Herbert Read and Paul Goodman, both Ward’s contemporaries, sharpened this critique by revisiting the sociological changes that Stirner had contemplated in the 1840s. A lot had changed in the intervening period and neither Read nor Goodman believed that the revolutionary changes promised by Stirner’s realist revolution had been achieved. Writing in the late 1940s, Read argued that modern schooling had been turned into ‘an acquisitive process, directed to vocation’. In the seventy-year period following the introduction of elementary schooling in Britain, education had been entirely disconnected from the idea of individual flourishing. Humanism had all but disappeared. Leonard Ayres, the American educator and educationalist, promoted the kind of institutional approach that caused Read to despair. Contemplating the wisdom of introducing military drill into US high schools in 1917, Ayres observed:

There are three questions that are always in order when it is proposed to establish a new course in the public schools to train workers for a definite trade or vocation. The first is: ‘What knowledge and skill required in the trade can the school give?’ The second is: ‘What will the new course cost in time and money?’ The third question is: ‘What can we learn about such courses from the experience of localities where they have been in operation?’ These three questions are always relevant, whether the new course is for boys or for girls and whether it is designed to reach all of the pupils or only those who choose to enter it.61

Like Ward, Read was worried about the management of schools and the adequacy of the means adopted to educate learners – how far education had become geared to instruction and book-learning, for example. But in his view, these arguments were symptomatic of a broader failure, which he called the ‘failure to specify clearly enough’ the aims of education. Returning to the moral and behavioural aspects of education, Read considered that the discussion of aims had been obscured by arguments about delivery of teaching. His comments were not directed at Ward specifically, but they had some relevance to his position. Ward believed that removing children from the ‘ghetto of childhood’ and ‘sharing interests and activities with those of the adult world’ was a ‘step toward a more habitable environment for our fellow citizens, young or old’.62 Read’s worry was that the adoption of innovative teaching methods would not prevent children being socialized into worlds that were structured by values inimical to non-dominating cultures, even if they attended schools that were not run by the state.

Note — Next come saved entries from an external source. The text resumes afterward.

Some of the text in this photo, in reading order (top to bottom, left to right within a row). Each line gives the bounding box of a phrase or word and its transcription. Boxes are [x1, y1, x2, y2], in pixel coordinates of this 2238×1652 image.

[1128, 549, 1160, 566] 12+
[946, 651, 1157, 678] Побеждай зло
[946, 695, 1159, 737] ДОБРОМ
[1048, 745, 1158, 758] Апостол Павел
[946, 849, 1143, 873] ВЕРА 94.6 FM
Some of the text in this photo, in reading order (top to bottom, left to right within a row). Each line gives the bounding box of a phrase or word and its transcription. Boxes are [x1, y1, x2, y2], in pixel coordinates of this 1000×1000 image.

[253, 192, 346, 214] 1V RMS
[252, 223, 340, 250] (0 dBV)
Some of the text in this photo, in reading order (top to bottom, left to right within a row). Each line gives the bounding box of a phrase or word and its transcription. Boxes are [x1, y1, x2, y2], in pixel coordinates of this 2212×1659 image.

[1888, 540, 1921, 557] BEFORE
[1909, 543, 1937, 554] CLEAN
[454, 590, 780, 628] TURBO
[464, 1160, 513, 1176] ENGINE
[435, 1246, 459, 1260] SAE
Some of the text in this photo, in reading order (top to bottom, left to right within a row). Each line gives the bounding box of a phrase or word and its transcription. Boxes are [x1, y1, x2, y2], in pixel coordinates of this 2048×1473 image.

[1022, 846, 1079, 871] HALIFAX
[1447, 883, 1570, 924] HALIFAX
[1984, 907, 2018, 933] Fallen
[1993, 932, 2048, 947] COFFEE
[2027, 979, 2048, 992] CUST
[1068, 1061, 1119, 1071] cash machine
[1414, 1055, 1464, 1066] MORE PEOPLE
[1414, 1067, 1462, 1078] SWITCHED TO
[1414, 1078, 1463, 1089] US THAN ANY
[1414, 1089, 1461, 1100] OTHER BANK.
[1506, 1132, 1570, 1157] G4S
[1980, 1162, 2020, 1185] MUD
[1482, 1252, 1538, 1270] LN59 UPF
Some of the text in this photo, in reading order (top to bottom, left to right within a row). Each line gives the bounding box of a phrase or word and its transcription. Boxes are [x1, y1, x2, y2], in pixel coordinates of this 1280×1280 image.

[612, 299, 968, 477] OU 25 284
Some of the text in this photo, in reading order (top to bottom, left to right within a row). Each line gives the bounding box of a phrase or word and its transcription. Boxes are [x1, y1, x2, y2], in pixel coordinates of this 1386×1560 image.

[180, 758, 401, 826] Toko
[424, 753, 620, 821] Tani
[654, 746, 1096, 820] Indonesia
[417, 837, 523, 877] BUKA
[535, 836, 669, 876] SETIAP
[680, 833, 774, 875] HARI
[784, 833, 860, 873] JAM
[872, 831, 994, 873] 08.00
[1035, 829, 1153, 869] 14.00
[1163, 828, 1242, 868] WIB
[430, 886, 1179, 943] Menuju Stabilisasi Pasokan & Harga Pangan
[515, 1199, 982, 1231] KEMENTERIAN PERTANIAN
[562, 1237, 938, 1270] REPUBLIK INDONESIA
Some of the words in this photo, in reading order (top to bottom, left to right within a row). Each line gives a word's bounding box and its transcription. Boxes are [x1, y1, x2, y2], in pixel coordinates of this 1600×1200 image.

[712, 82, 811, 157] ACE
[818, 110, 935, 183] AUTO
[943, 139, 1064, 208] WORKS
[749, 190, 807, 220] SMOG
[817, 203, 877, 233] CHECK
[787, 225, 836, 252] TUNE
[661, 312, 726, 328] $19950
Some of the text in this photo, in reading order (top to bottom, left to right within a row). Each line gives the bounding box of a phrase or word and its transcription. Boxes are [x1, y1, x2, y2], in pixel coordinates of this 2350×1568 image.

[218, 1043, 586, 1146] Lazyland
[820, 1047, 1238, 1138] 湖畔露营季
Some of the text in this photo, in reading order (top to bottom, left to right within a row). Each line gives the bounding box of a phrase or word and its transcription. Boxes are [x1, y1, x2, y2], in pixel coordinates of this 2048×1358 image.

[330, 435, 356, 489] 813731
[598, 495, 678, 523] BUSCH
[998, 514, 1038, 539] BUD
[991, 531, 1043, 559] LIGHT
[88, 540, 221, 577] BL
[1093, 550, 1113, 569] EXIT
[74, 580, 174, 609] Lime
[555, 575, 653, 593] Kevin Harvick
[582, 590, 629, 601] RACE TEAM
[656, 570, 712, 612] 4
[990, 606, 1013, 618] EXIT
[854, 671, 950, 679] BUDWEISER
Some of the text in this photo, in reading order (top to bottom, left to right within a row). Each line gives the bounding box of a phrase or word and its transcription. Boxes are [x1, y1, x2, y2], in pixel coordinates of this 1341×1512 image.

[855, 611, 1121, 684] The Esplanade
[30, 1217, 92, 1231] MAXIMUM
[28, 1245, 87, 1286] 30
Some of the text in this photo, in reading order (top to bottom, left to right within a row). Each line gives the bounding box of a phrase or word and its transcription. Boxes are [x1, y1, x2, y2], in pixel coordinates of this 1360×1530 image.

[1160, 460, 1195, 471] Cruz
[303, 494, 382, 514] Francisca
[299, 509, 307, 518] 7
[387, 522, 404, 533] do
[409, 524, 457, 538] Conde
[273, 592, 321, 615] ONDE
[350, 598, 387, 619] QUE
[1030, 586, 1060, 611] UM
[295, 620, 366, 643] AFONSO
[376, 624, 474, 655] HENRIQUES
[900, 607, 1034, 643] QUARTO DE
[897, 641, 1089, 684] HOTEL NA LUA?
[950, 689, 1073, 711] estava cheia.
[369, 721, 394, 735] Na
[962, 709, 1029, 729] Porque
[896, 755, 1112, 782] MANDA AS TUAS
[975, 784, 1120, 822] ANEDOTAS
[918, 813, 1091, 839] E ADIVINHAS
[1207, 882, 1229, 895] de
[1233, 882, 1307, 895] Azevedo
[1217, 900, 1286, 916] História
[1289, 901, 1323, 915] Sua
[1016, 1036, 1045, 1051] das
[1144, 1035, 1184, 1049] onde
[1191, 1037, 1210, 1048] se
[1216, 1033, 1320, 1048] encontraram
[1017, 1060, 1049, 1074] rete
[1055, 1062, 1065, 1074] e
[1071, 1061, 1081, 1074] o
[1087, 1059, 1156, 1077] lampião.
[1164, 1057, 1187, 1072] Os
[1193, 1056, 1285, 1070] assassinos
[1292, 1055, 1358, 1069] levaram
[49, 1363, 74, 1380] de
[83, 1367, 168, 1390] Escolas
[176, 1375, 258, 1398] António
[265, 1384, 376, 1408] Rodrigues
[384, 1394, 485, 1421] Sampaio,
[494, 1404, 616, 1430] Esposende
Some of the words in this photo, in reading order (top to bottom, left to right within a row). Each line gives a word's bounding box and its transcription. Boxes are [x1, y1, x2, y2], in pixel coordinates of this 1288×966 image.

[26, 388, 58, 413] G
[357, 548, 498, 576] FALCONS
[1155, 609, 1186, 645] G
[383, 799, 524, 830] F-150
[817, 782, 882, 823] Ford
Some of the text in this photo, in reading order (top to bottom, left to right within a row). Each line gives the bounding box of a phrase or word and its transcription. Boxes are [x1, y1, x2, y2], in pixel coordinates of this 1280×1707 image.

For Read, schooling was fundamentally rigged to the ‘competitive system’ and designed to deliver ‘efficiency, progress, success’. As an art historian who associated education with creativity, growth and self-fulfilment, Read judged these impoverished goals. He noted, too, that unpacking their meaning was ‘necessarily excluded’ from education debates.63 Not only, then, was government able to determine the cultural values that education met, it was also empowered to remove debates about cultural purpose from public agendas. This form of agenda setting explained why subsequent generations of children were variously required to recite articles of faith, learn military discipline and meet the needs of business to advance national power globally.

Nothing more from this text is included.